Chimère de la jeunesse, on croit trouver la beauté dans le bonheur, afin de se verrouiller au malheur, ne pas laisser une dépression impossible à supporter, s’installer comme une maladie vénérienne dans nos sexes. Malheur, c’est un mot si compliqué à définir. Il y a tellement de malheurs, tous plus inconvenant les uns que les autres, plus impudiques, que l’évocation de ce mot provoque une misandrie presque instinctive envers l’espèce humaine, et qu’il faut être misanthrope pour ressentir toute la force du malheur dans sa beauté. Car pour aimer l’espèce humaine, il faut accepter ses travers sans débord, au delà duquel règne le plus bas des instincts, la haine que l’on rencontre chez tous ceux qui jouissent de leur statu de chef, tous ceux que la soumission à leur rôle plus autoritaire que responsable, les empêche de penser ce qu’ils sont, les oblige d’apparaître pour ce qu’ils ne sont pas, dans un sursaut infamant de culpabilité. Ici règne la morale des esclaves, la morale chrétienne. C’est le monde de la désolation. Où passe le christianisme, la liberté est vérolée. La force devient autoritaire. La beauté se cache derrière un voile honteux. Les sexes se désolent de n’être plus qu’une fonction reproductrice. La vie s’amoindrie jusqu’à s’abaisser au service d’une grimace. Une ascension qui se mérite, sanctionné par des juges à la peau vermillon et le regard métallique de l’inquisition, ce regard défonçant les chairs comme le violeur, un sexe ; non ce regard pénétrant la clarté dans la chaleur du désir.

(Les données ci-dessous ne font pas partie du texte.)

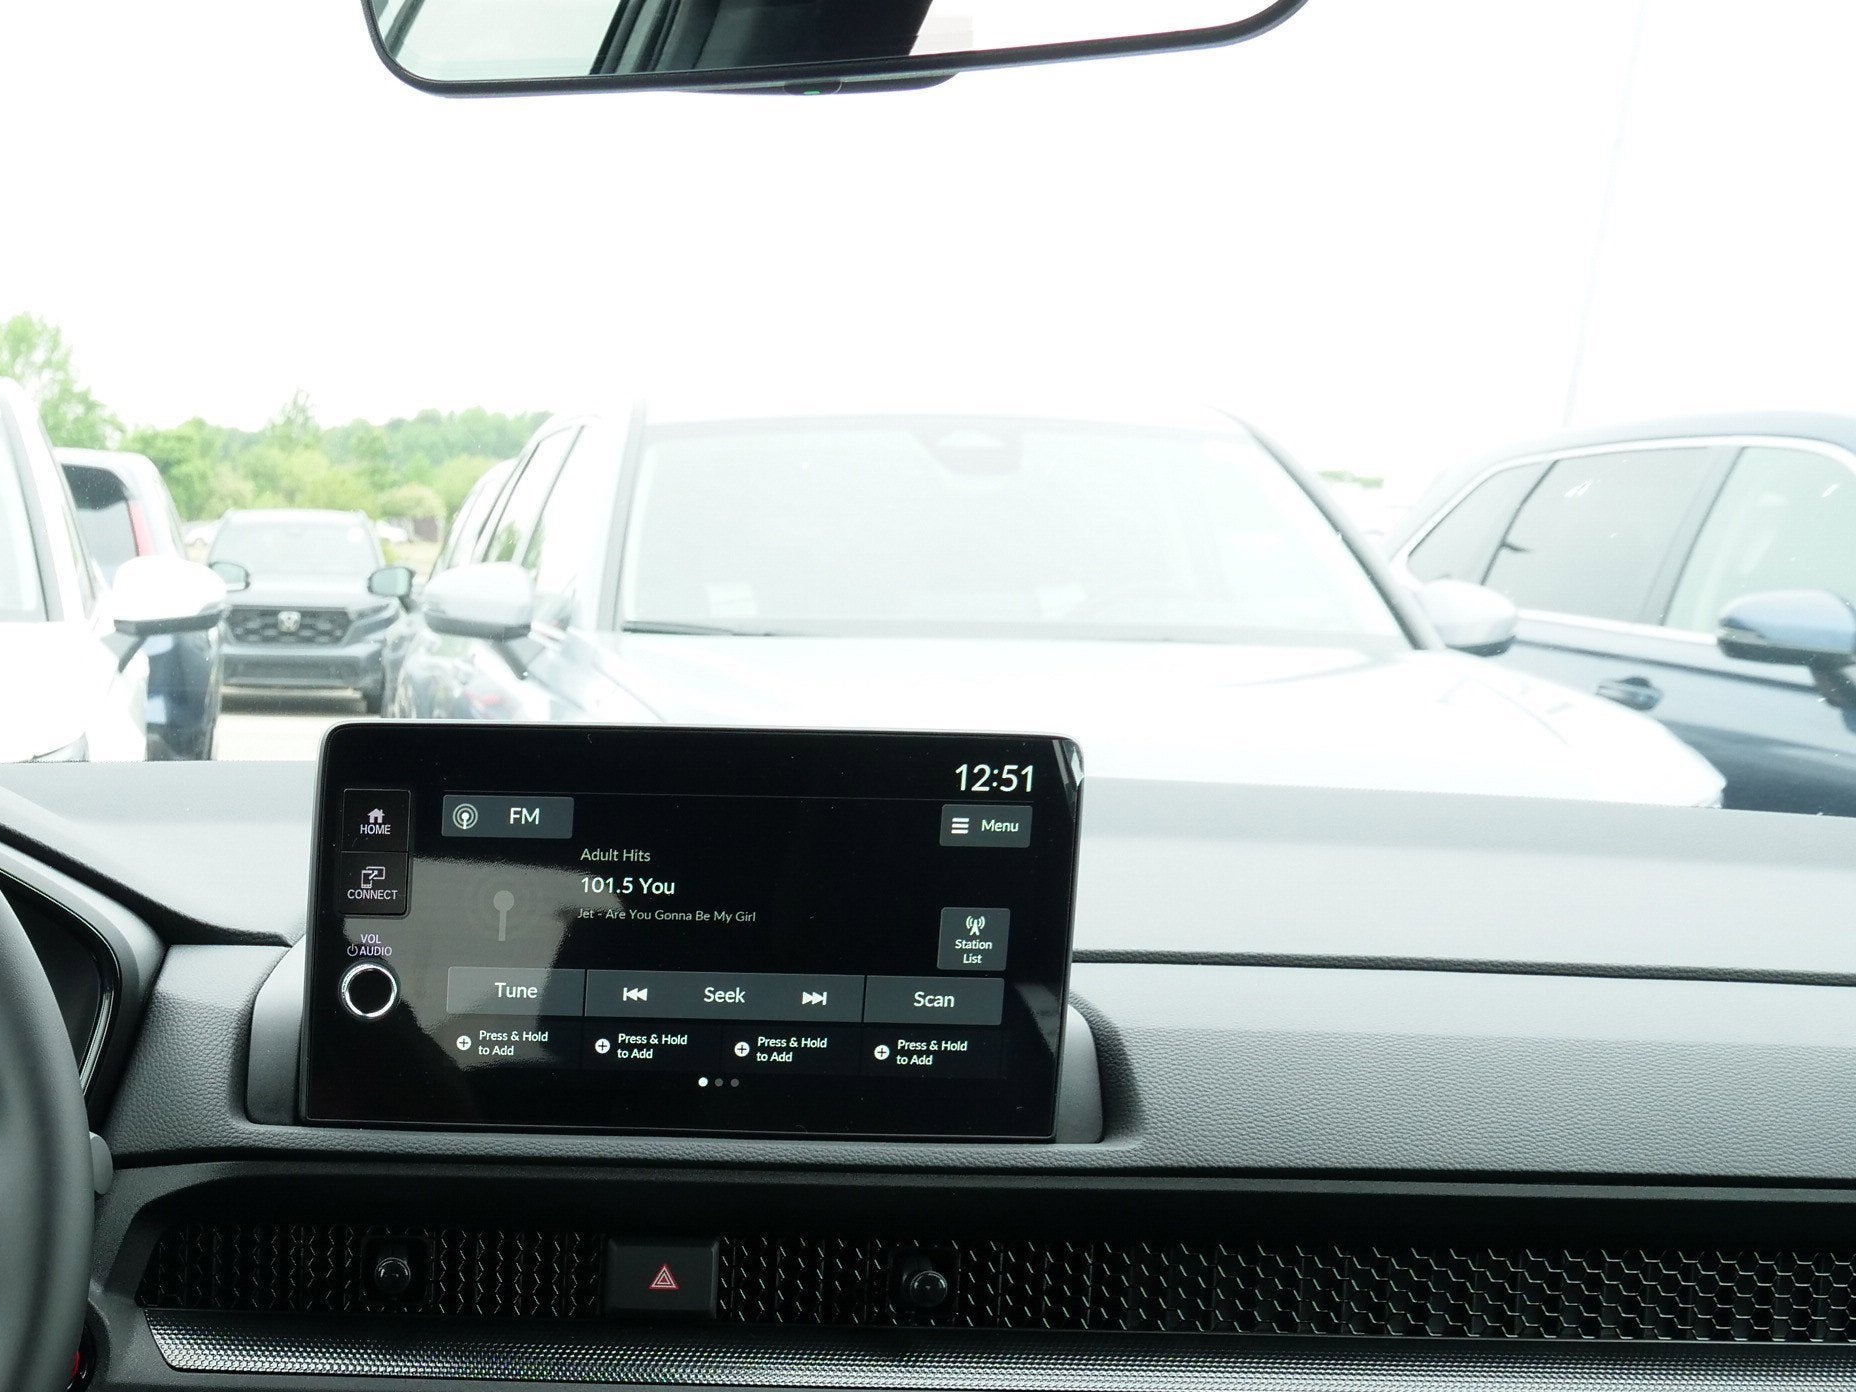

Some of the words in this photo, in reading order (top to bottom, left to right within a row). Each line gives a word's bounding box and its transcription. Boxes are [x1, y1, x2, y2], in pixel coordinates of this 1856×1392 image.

[955, 763, 1036, 792] 12:51
[508, 807, 541, 825] FM
[359, 823, 392, 836] HOME
[980, 819, 1020, 832] Menu
[579, 848, 619, 863] Adult
[622, 848, 652, 863] Hits
[580, 876, 634, 894] 101.5
[640, 877, 676, 895] You
[347, 889, 398, 901] CONNECT
[576, 908, 595, 921] Jet
[605, 909, 627, 920] Are
[629, 909, 652, 921] You
[654, 910, 693, 922] Gonna
[695, 910, 711, 922] Be
[713, 910, 733, 924] My
[735, 911, 757, 922] Girl
[360, 933, 381, 944] VOL
[954, 938, 993, 951] Station
[359, 946, 392, 957] AUDIO
[962, 953, 983, 965] List
[493, 982, 538, 999] Tune
[703, 986, 746, 1003] Seek
[913, 991, 956, 1008] Scan
[478, 1030, 508, 1043] Press
[511, 1030, 520, 1043] &
[522, 1030, 549, 1043] Hold
[617, 1033, 648, 1046] Press
[650, 1034, 659, 1046] &
[661, 1034, 688, 1047] Hold
[757, 1036, 787, 1049] Press
[789, 1037, 798, 1049] &
[800, 1037, 828, 1049] Hold
[477, 1046, 489, 1056] to
[491, 1045, 515, 1057] Add
[897, 1039, 927, 1052] Press
[929, 1040, 938, 1053] &
[941, 1040, 968, 1053] Hold
[617, 1049, 629, 1060] to
[631, 1049, 654, 1060] Add
[756, 1052, 768, 1063] to
[770, 1051, 793, 1063] Add
[896, 1055, 909, 1066] to
[911, 1054, 934, 1066] Add

L’amour prit en étaux, entre le mors de l’égoïsme et celui de la convoitise. Les jours sont comptés. Il restera bientôt à n’avoir plus que la possibilité de choisir la manière la moins brutale de disparaître, du croc à boucher à l’irradiation nucléaire… Rien ne nous sauveras, pas même la littérature. Ce n’est pas sa vocation. Il y a trop peu de lecteurs, de lecteurs véritables pour qui lire est un terrain d’aventure rempli d’obstacles et de révoltes. Il n’y a plus que des lecteurs adaptés à la novlangue, formatés pour une digestion rapide d’une culture de fast-foods, sans goût ni couleur remarquables, aussitôt lu, aussitôt dissoute par les sucs gastriques d’un temps atomique en embuscade, qu’un sniper, pourtant prévisible, fait crépiter par surprise dans le dos d’un public dérisoire. Un public de roman, cette forme ridicule d’écriture qui invente un monde qui veut parler du réel, alors qu’il ne fait que le contrefaire ; ce public qui tourne en rond dans la salle des pas perdus d’un hall de gare, en partance vers nul part, oublié d’où il vient, et que personne n’attend, encombré d’un roman insipide jamais lu, jamais ouvert, toujours vomi. C’est l’état de la conscience de maintenant.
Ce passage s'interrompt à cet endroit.